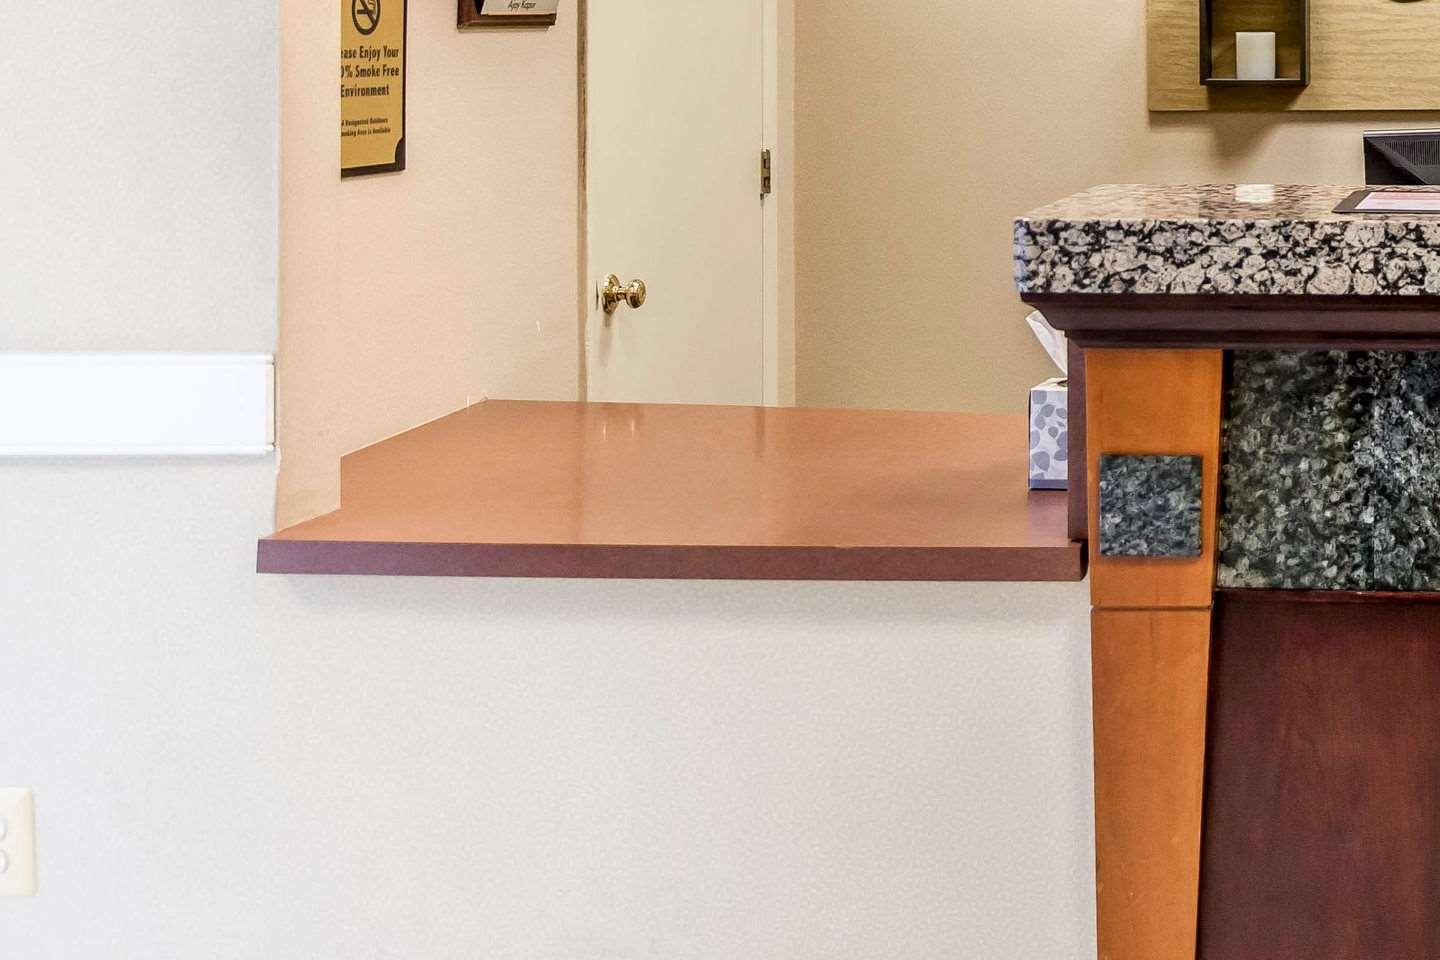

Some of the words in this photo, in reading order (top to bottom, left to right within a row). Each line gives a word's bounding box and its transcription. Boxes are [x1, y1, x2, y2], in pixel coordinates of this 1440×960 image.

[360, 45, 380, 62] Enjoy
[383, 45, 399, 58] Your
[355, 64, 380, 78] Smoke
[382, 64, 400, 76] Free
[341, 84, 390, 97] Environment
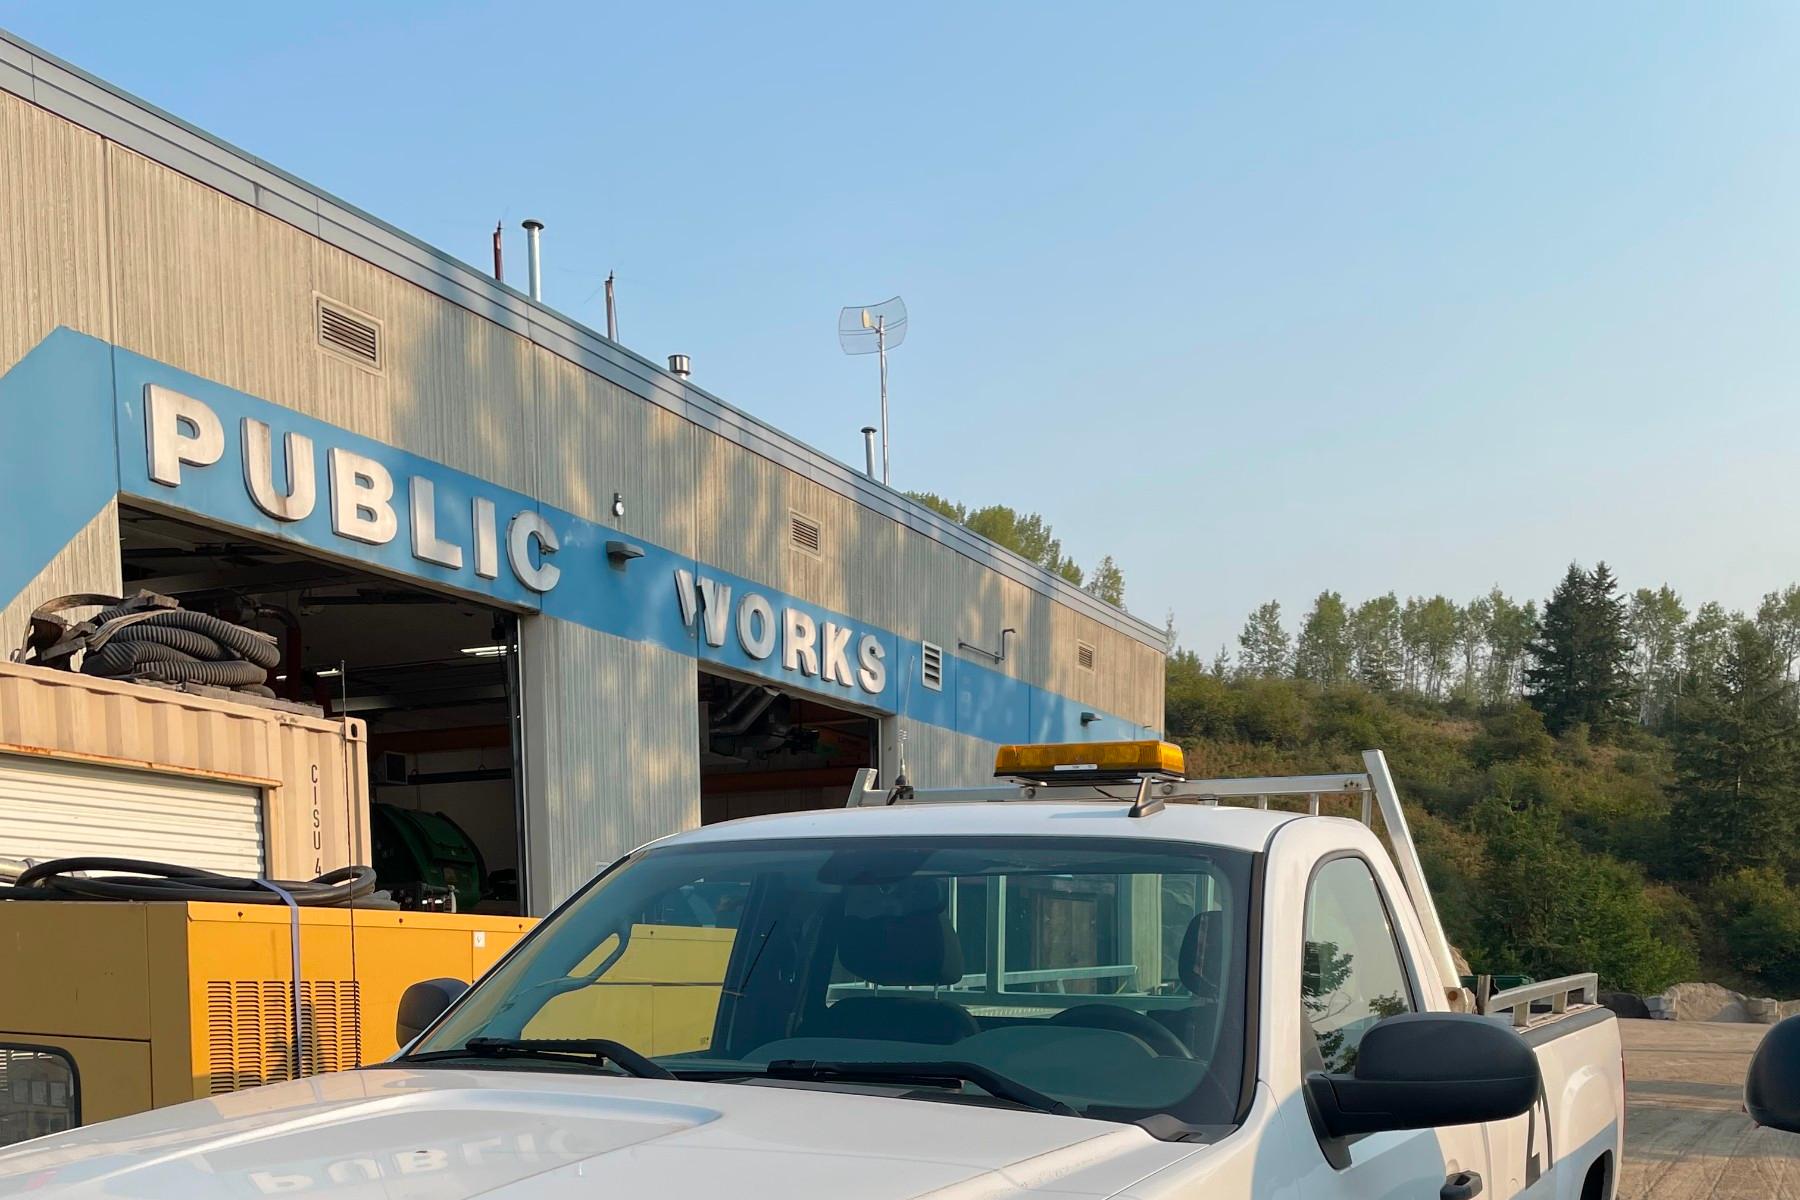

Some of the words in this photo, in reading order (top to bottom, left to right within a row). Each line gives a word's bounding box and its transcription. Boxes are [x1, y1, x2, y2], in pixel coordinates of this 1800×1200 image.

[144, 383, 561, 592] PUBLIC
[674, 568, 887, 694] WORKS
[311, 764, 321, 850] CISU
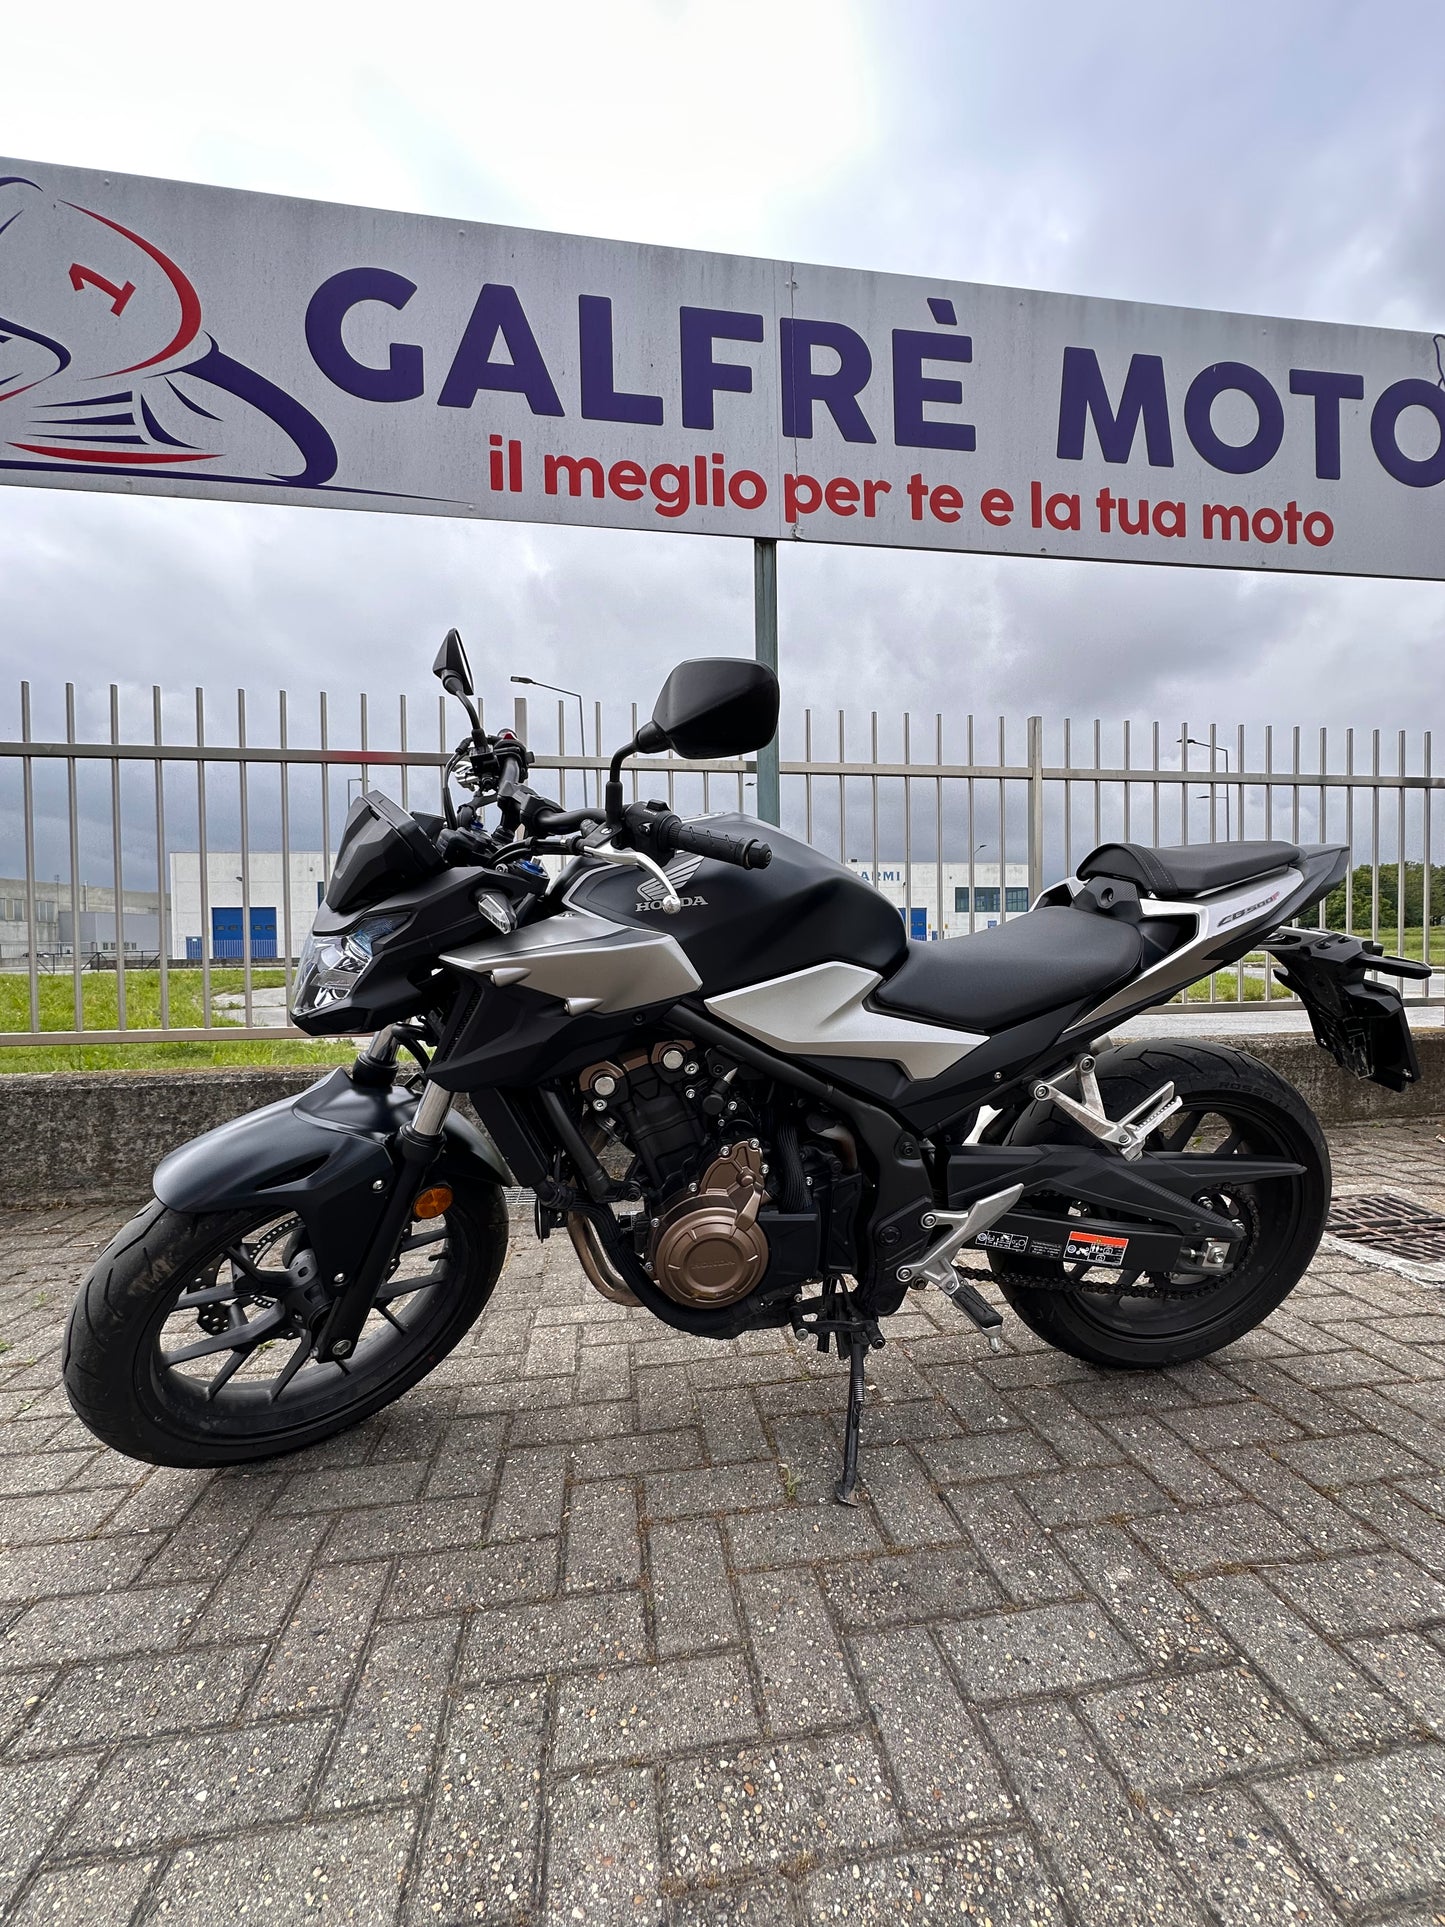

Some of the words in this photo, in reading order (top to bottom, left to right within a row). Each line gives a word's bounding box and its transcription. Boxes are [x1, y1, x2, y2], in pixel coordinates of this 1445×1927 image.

------------------------

Leave out the pictures and return, exactly as written, only the lines from the line with "this 1800×1200 image." through the end of the records above.

Some of the words in this photo, in reading order (top to bottom, left to right within a row). Each line gives a word's bounding box and its transcription. Boxes are [x1, y1, x2, y2], in pixel coordinates of this 1800×1200 image.

[144, 383, 561, 592] PUBLIC
[674, 568, 887, 694] WORKS
[311, 764, 321, 850] CISU

Some of the words in this photo, in reading order (top to bottom, left to right within a row). Each line gives a word's bounding box and its transcription. Boxes are [x1, y1, x2, y2], in pixel coordinates of this 1445×1927 image.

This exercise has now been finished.